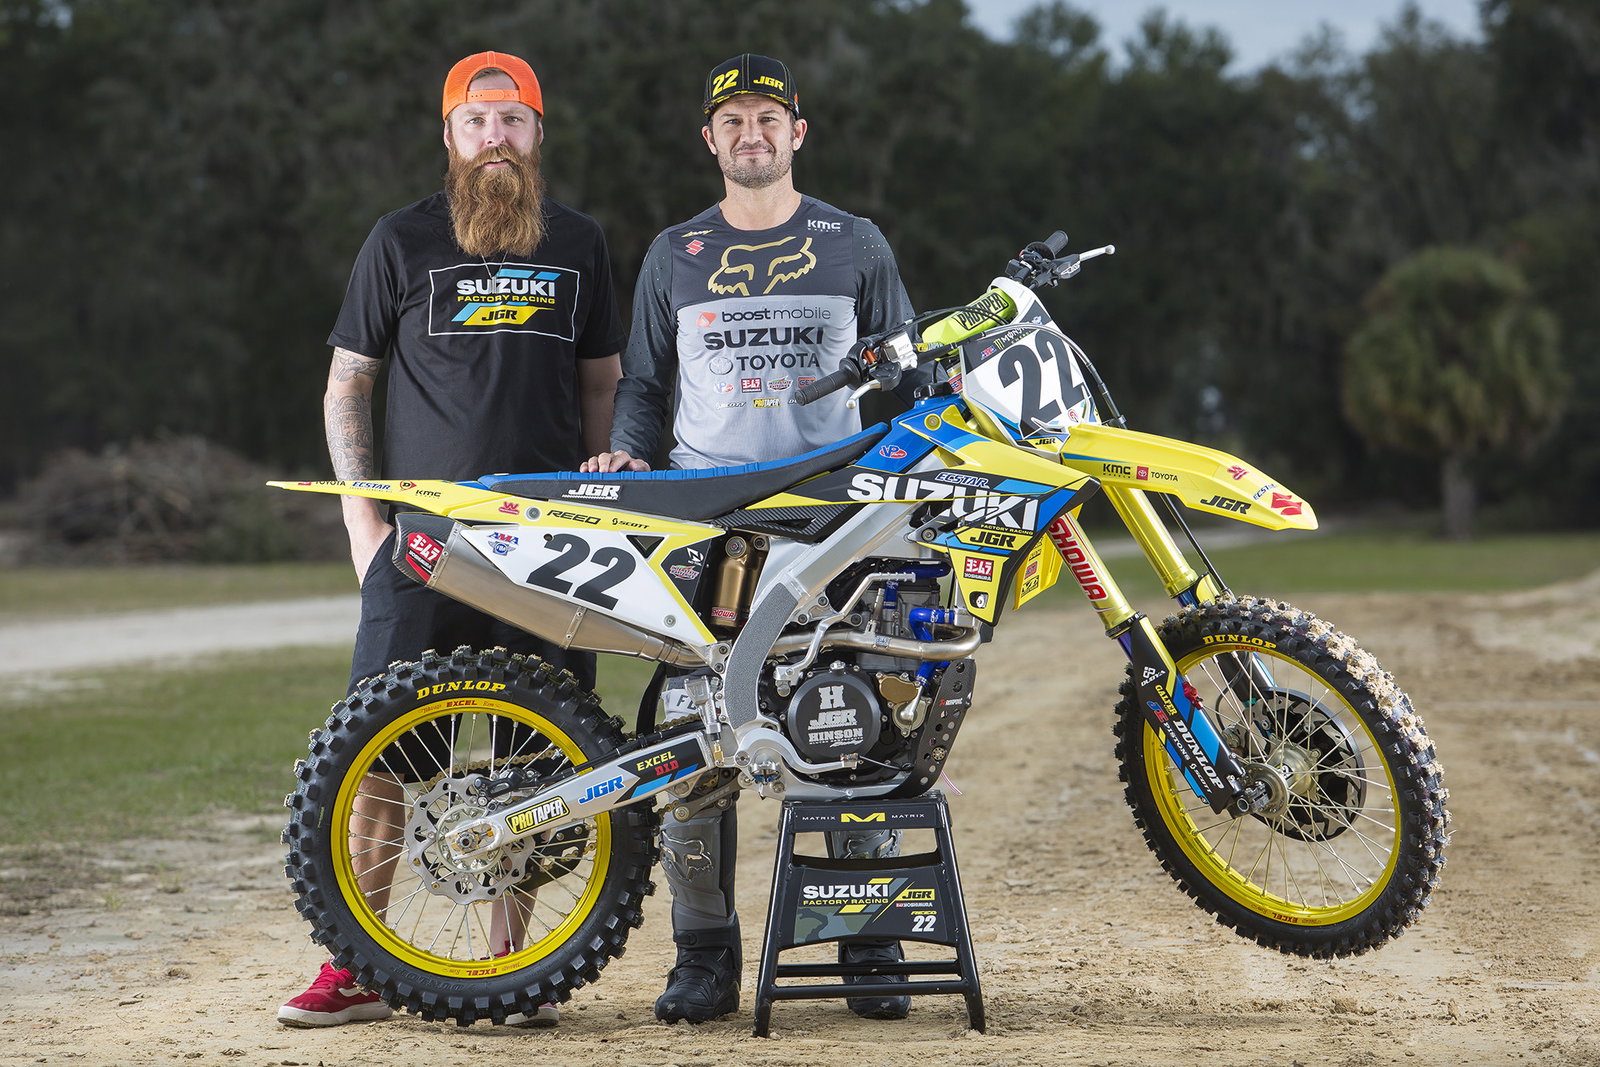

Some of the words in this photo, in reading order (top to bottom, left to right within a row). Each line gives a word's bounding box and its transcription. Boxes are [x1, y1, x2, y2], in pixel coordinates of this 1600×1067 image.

[713, 69, 739, 97] 22
[753, 76, 784, 91] JGR
[456, 278, 555, 297] SUZUKI
[512, 295, 555, 304] RACING
[481, 309, 517, 321] JGR
[722, 308, 771, 322] boost
[773, 306, 831, 320] mobile
[703, 327, 824, 350] SUZUKI
[736, 352, 820, 371] TOYOTA
[998, 330, 1086, 438] 22
[1035, 438, 1056, 446] JGR
[1103, 463, 1131, 476] KMC
[1151, 472, 1178, 482] TOYOTA
[352, 481, 391, 490] ECSTAR
[935, 471, 990, 489] ECSTAR
[568, 484, 620, 498] JGR
[847, 473, 1039, 531] SUZUKI
[1200, 495, 1252, 514] JGR
[547, 510, 601, 525] REED
[619, 520, 649, 529] SCOTT
[487, 532, 519, 545] AMA
[980, 524, 1008, 532] FACTORY
[1010, 528, 1034, 536] RACING
[410, 534, 441, 561] ヨシムラ
[969, 531, 1016, 549] JGR
[965, 557, 993, 576] ヨシムラ
[1048, 517, 1108, 602] SHOWA
[526, 533, 637, 611] 22
[1203, 634, 1277, 649] DUNLOP
[416, 680, 507, 700] DUNLOP
[818, 685, 845, 709] H
[446, 700, 478, 708] EXCEL
[1155, 684, 1178, 715] GALFER
[808, 728, 863, 742] HINSON
[1163, 721, 1191, 761] PISTONS
[636, 751, 676, 771] EXCEL
[1173, 719, 1225, 790] DUNLOP
[578, 775, 626, 804] JGR
[511, 802, 565, 832] PROTAPER
[803, 884, 889, 899] SUZUKI
[902, 891, 932, 899] JGR
[911, 915, 937, 932] 22
[1272, 912, 1298, 924] EXCEL
[466, 968, 497, 976] EXCEL
• • • • •
* **WHAT TO DO**
Find the word "EXCEL" in the entries, and copy every line it shows up in.

* **EXERCISE OUTPUT**
[446, 700, 478, 708] EXCEL
[636, 751, 676, 771] EXCEL
[1272, 912, 1298, 924] EXCEL
[466, 968, 497, 976] EXCEL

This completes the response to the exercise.